It was obvious from the media coverage that, for many people, the horror of the war came second to the terrible beauty of it, the heightened sense of a life more fearsome and dramatic than the everyday. Oscar Wilde said that for the criminal classes crime was 'simply a means of procuring extraordinary sensations'. It may be that, in an unpoetic age, war is the only access people have to poetic exaltation. And when it ends, the media circus moves on.

One of the most dreadful ironies of the war is that, in the confrontation between two cultures, the West went into it with its fast- food verbiage while Saddam Hussein, gangster that he is, was employing in his speeches a flowery rhetoric distilled from the tradition of Arabic poetry. Dirty deeds were sanctioned by corrupt language on both sides, but the kinds of corruption were poles apart.

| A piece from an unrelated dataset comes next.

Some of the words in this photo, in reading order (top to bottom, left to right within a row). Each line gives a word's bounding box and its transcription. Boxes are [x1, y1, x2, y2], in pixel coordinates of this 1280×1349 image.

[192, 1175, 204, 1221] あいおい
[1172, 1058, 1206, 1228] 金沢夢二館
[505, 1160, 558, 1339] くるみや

Words, images, polemic and the battle for the hearts and minds of world opinion were at the centre of the storm. But where does this leave poets? Poets understand the manipulation of rhetoric and images as practised in the Gulf war better than most - it's a trespass on their territory. But their ability to counter linguistic deception is restricted by their tenuous hold on the audience. Only a very few poets - Ted Hughes or Tony Harrison, say - have the clout to find a large readership. For the rest, the audience is limited to a few hundred readers. What's the point?

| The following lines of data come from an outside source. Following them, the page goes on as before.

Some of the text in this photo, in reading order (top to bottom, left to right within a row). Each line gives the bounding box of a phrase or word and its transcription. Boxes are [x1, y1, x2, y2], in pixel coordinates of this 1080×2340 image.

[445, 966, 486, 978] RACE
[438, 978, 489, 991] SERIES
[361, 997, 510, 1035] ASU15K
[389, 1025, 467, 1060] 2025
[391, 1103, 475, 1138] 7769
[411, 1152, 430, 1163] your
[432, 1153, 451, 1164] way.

This is an old question. One version of the history of 20th-century war poetry sees a steady decline from the First World War on. Owen, Sassoon, Graves, and Rosenberg had a significant influence on an entire generation, that of the 1930s. In the First World War the nature of warfare changed utterly and the poets were the ones who alerted the world to the fact. Whereas the poetry of the Second World War is far more incidental. The poetic techniques forged in the trenches of the First World War seemed inappropriate to the Second, with its long periods of inaction, its more remote battles, often fought in the air. Now war has changed again.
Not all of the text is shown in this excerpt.